Andi sees them, out there, beyond the fringe of woods. And within the shadows’ midnight countenance other ‘things’ lurk within.
Who knows what Andi sees in such darkled recesses and folds, creases left lightless through leafless trees?
Usually I let him out for his morning pee. But today I opted to take him on a trek across fallow fields, windswept with blowing snow. Snow! On March 28th.
He stops along the way, sniffs and stares into the black bowers surrounding the field. Out there, beyond the perimeter, creatures unseen skitter and scrabble stealthily, within thicket and dormant shrub.
Only the faint glimmer of sun strains to release its visage upon the world, emitting sallow beams that feebly shine through a knot of pine.
We enter the woods. Silence greets our footfalls. No birdsong is heard. Only the faint trickling of a thawed stream murmurs muted along its meandering path. A single crow flutters past and disappears between saplings and fir.

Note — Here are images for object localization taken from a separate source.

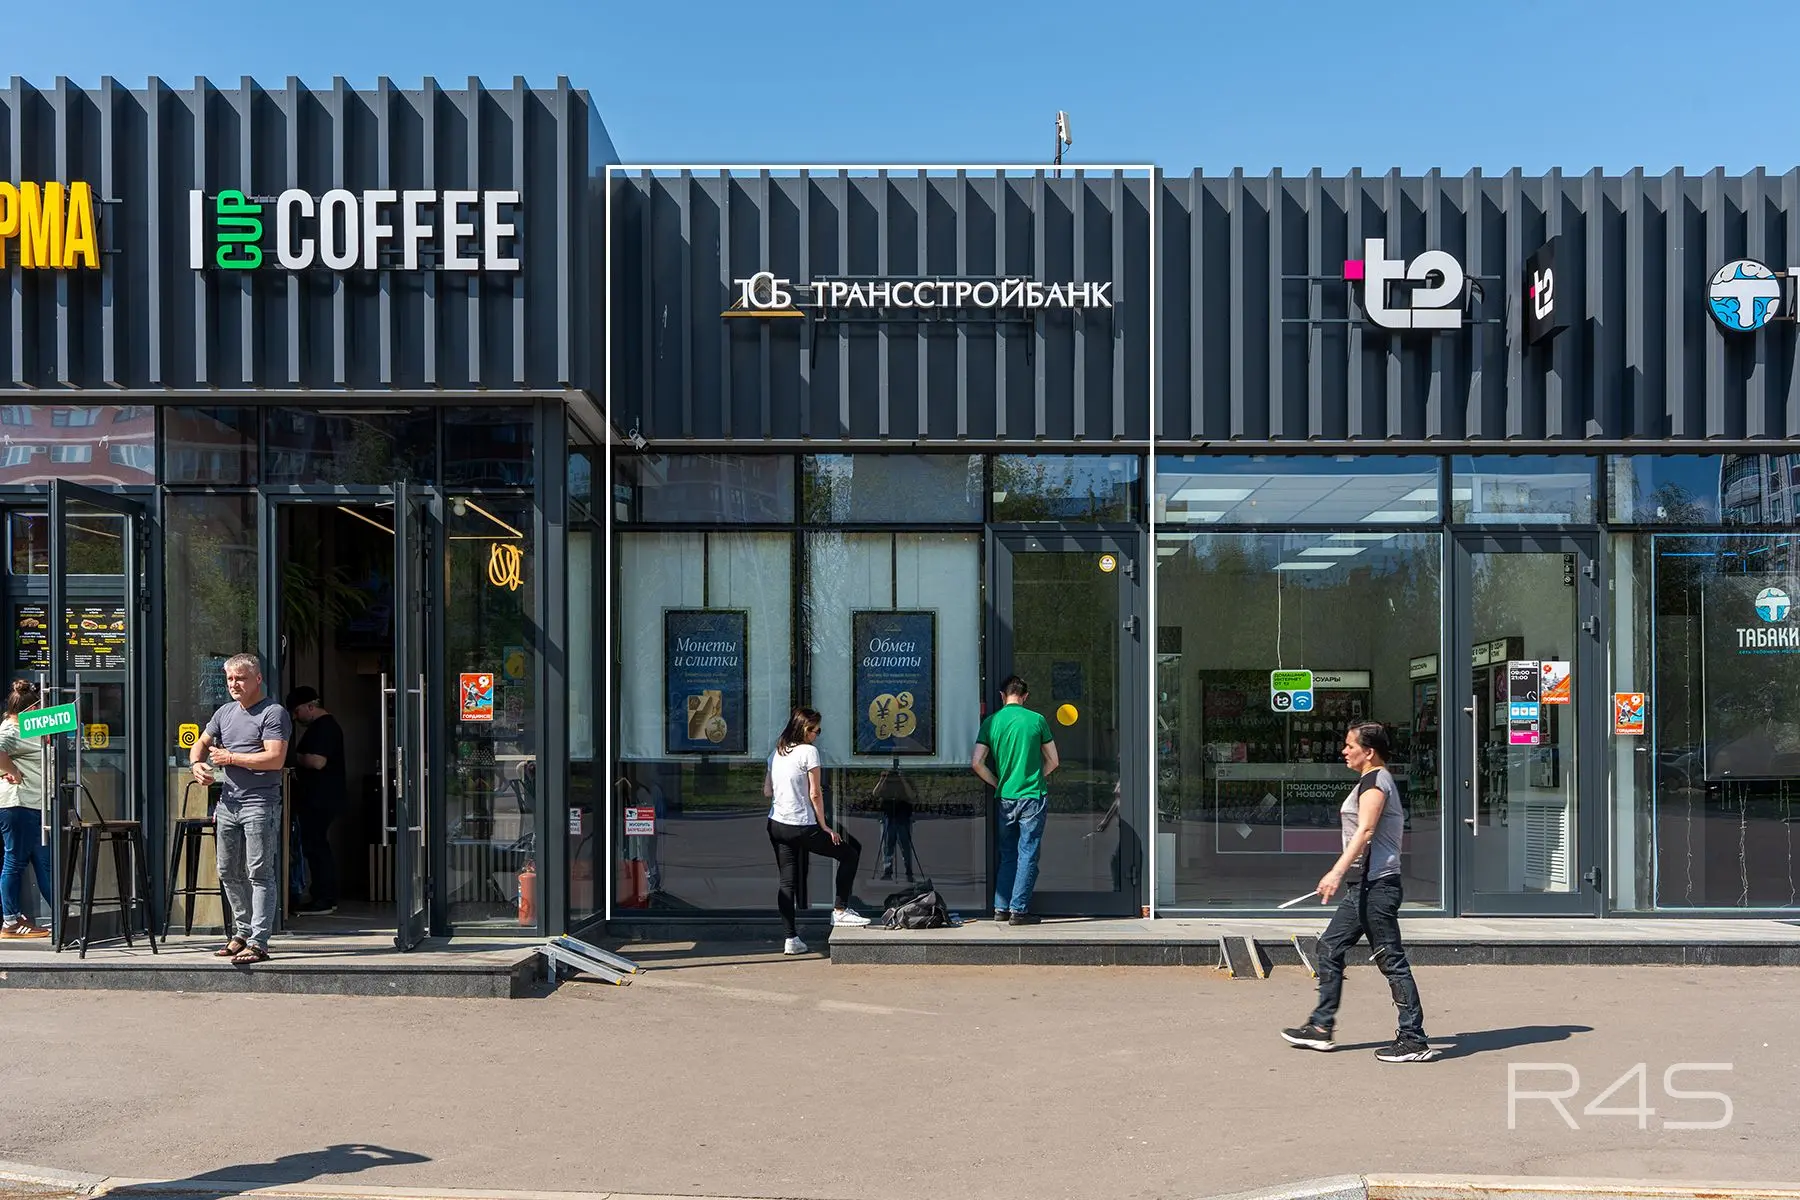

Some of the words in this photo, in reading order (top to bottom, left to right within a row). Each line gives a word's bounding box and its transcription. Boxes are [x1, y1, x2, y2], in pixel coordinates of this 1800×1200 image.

[189, 189, 203, 269] I
[216, 189, 262, 270] CUP
[276, 189, 520, 271] COFFEE
[734, 271, 792, 310] ТСБ
[811, 277, 1113, 308] ТРАНССТРОЙБАНК
[1344, 238, 1462, 329] t2
[1530, 267, 1555, 321] t2
[676, 637, 737, 652] Монеты
[869, 637, 916, 653] Обмен
[1736, 627, 1800, 648] ТАБАКИ
[674, 656, 683, 667] и
[685, 656, 738, 667] слитки
[863, 656, 922, 667] валюты
[1275, 695, 1289, 707] t2
[23, 711, 71, 731] ОТКРЫТО

Trudging along, Andi again pauses to take in such environs. A steady, light snow filters through trees, settling quietly on delicate limbs.
I turn to go and manage twenty paces before realizing Andi has not followed. Patiently do I wait for him to come by my side. But he stands, resolute, staring and sniffing the frigid morning air, perhaps a brief glimpse and return to his forebears, his roots as a member of Canis Lupus, once again part of the wolf pack. Reluctantly, he releases his stare into the distant forest.
We amble back, onto the deck, where candy rockers replace my former snow-made sofa and side table. Andi still peers through rail slats at the woods beyond.
But with a twist of a doorknob, Andi’s revelry is broken.
Once again does he instantly return to his domesticated self, a canine who relishes the warmth within, a safe haven from whatever creatures stalk the pitch black underbrush.
He clicks across the tiled kitchen floor and hops onto the sofa, where Julie and I reside, nursing cups of joe, heaped with blankets piled high.
Andi lies comfortably ‘neath our mounds of cloth. The invisible creatures remain outside, hidden in darkled forests, and whatever glimmer of joining a wolf pack has fled his mind, as he lies nestled and warm and content between his two loving caretakers.
Although at times it seems a shame that Andi has lost his wild side, his ancestral calling to roam the world, it is a comfort and pleasure—in a selfish human way—to have this loving, beautiful animal, this wonderful dog, curled near.